Starting as a reporter on his hometown newspaper, he moved briefly to then Rhodesia before returning to South Africa to become a parliamentary correspondent with the South African Press Association. He was sent to London as Sapa’s London editor and also served as special correspondent to the United Nations. He joined the then Argus group in London as political correspondent.

Returning to South Africa after 12 years abroad, he was assistant editor on the Pretoria News for a decade before becoming editor of the Star and SA Times for five years.

Since 1999 he’s been an independent journalist writing and broadcasting – mainly about Africa – for Talk Radio 702 and 567 Cape
Talk, Radio France International, PressTV, Radio Live New Zealand, Business Day, Mail & Guardian, the BBC, Agence France Press,
Business in Africa, Leadership, India Today, the South African Institute for International Affairs and the Institute for Security Studies.

He has hosted current affairs talk shows on Talk Radio 702 and 567 Cape Talk.
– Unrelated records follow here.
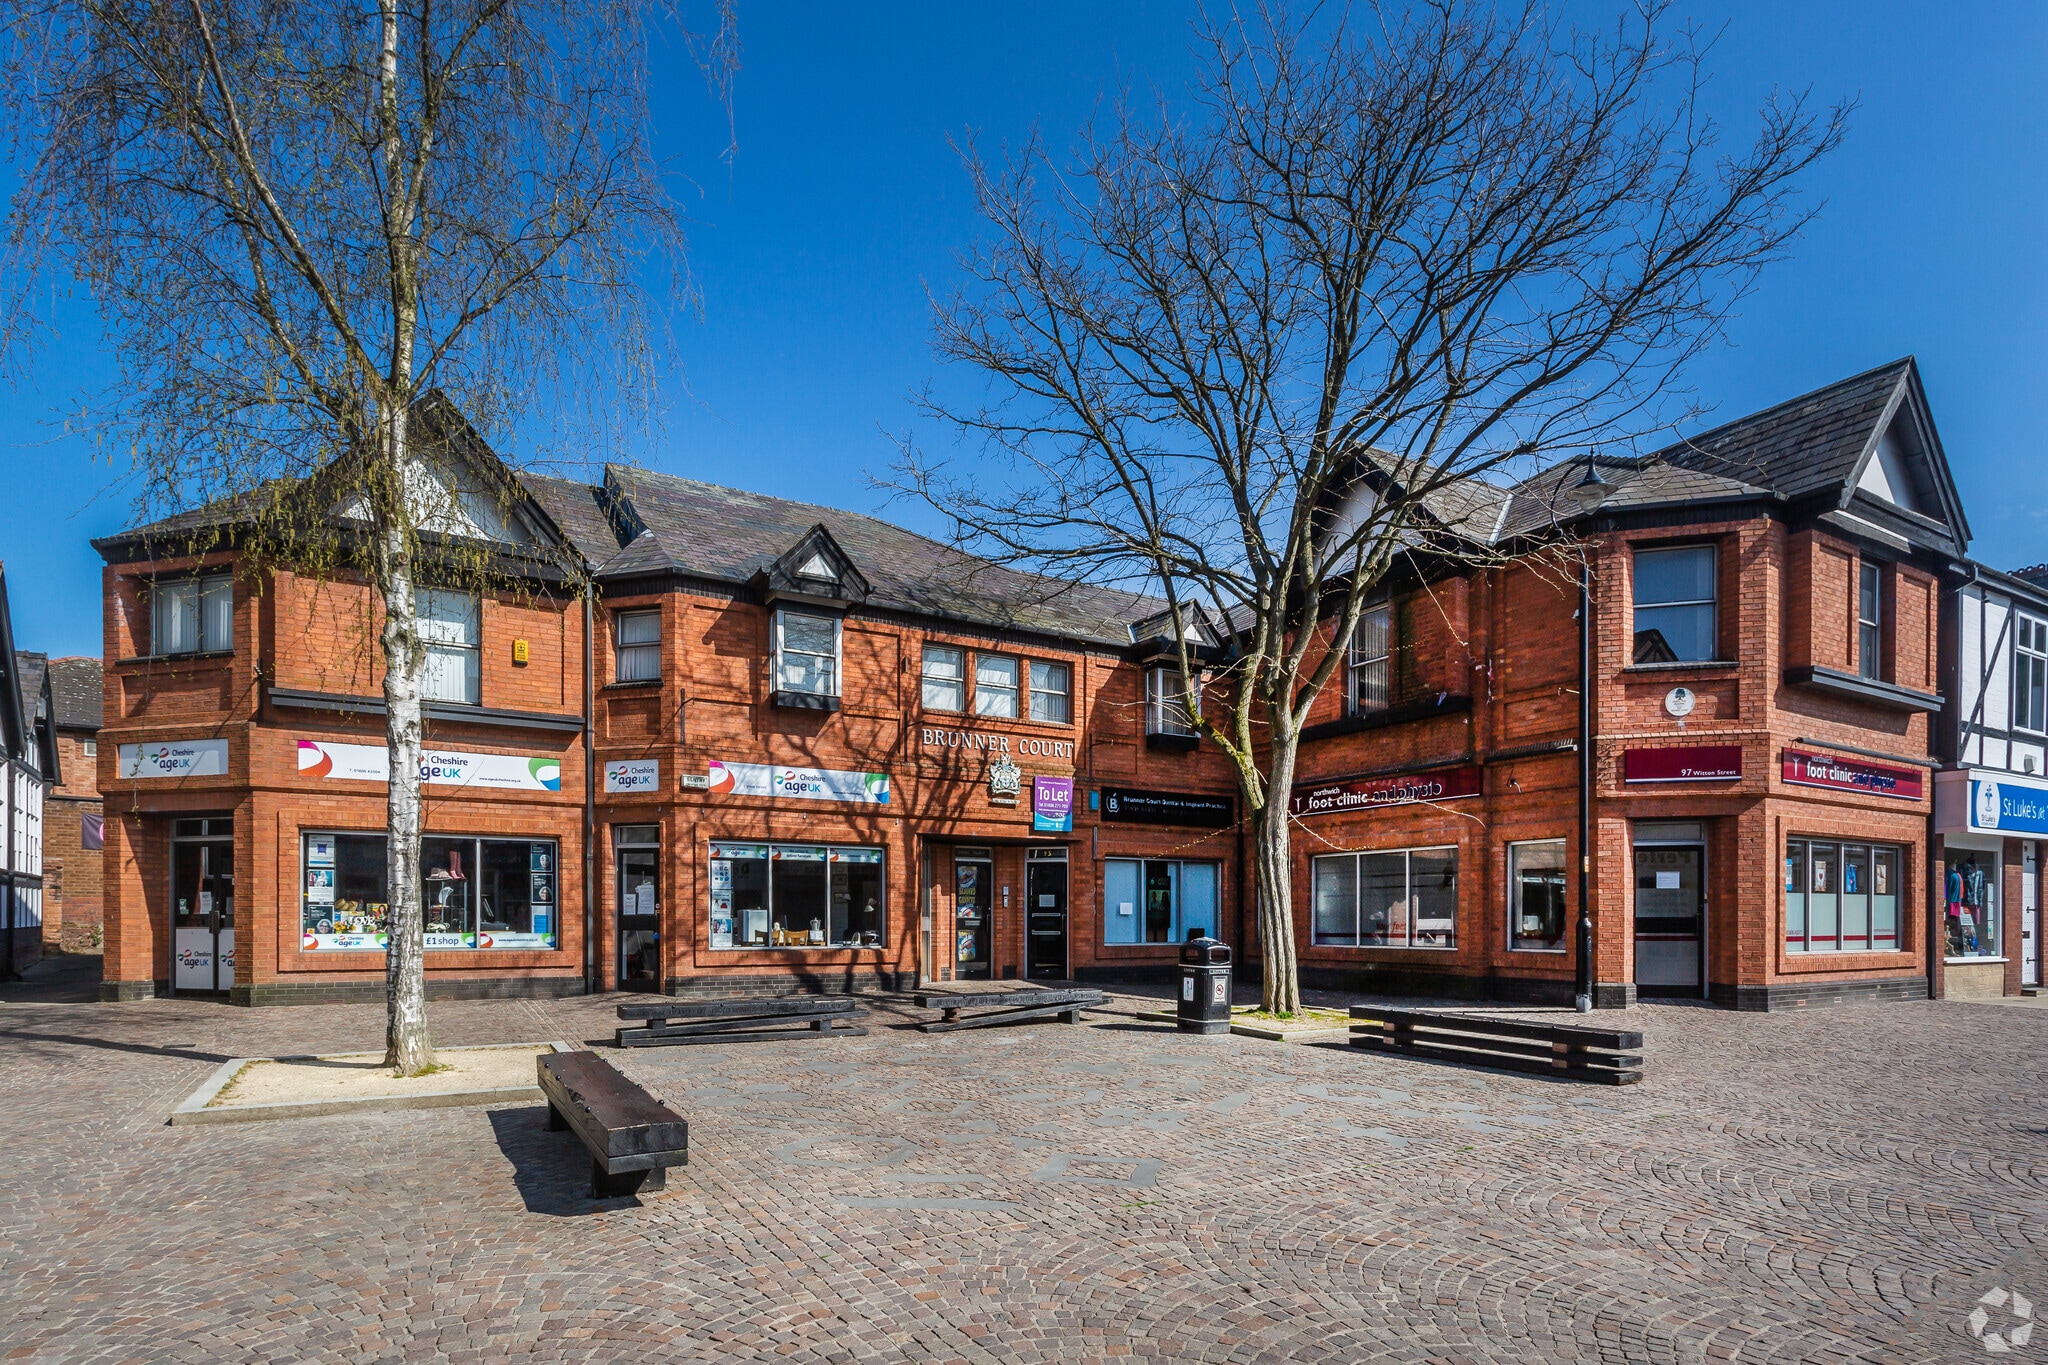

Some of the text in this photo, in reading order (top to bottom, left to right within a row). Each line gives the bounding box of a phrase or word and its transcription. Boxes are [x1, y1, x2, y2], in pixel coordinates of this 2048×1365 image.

[922, 728, 1074, 758] BRUNNER COURT
[172, 748, 194, 756] Cheshire
[431, 755, 468, 766] Cheshire
[631, 766, 655, 774] Cheshire
[1806, 761, 1827, 778] foot
[1829, 765, 1852, 783] clinic
[800, 774, 826, 782] Cheshire
[1038, 786, 1069, 802] To Let
[1308, 781, 1443, 809] foot clinic and physio
[1313, 787, 1340, 797] northwich
[2003, 798, 2012, 816] St
[2013, 799, 2037, 819] Luke's
[350, 915, 376, 925] LOVE
[438, 937, 459, 946] shop
He appears as an African affairs pundit on SABC Africa and CNBC Africa.
He lectured in contemporary studies to journalism students at the Tshwane University of Technology and the University of Pretoria.

He speaks on African affairs to corporate and other audiences.
He has been officially invited as a journalist to more than 30 countries. He was the winner of the 2007 SADC award for radio journalism.

He’s been a member of the EISA team observing elections in Somaliland, Democratic Republic of Congo, Madagascar, Zimbabwe, Egypt and Tunsiai.

In October 2009 he headed a group of 39 African journalists to the 60th anniversary celebrations of the Peoples’ Republic of China.

In January 2010 he joined a rescue and paramedical team to earthquake struck Haiti.

He is immediate past president of the Alliance Francaise of Pretoria.

Jean-Jacques is a director of Giant Media. The company was given access to Nelson Mandela in his retirement years until 2009.
He is co-producer of the hour-long documentary Mandela at 90 that was broadcast on BBC in January 2009.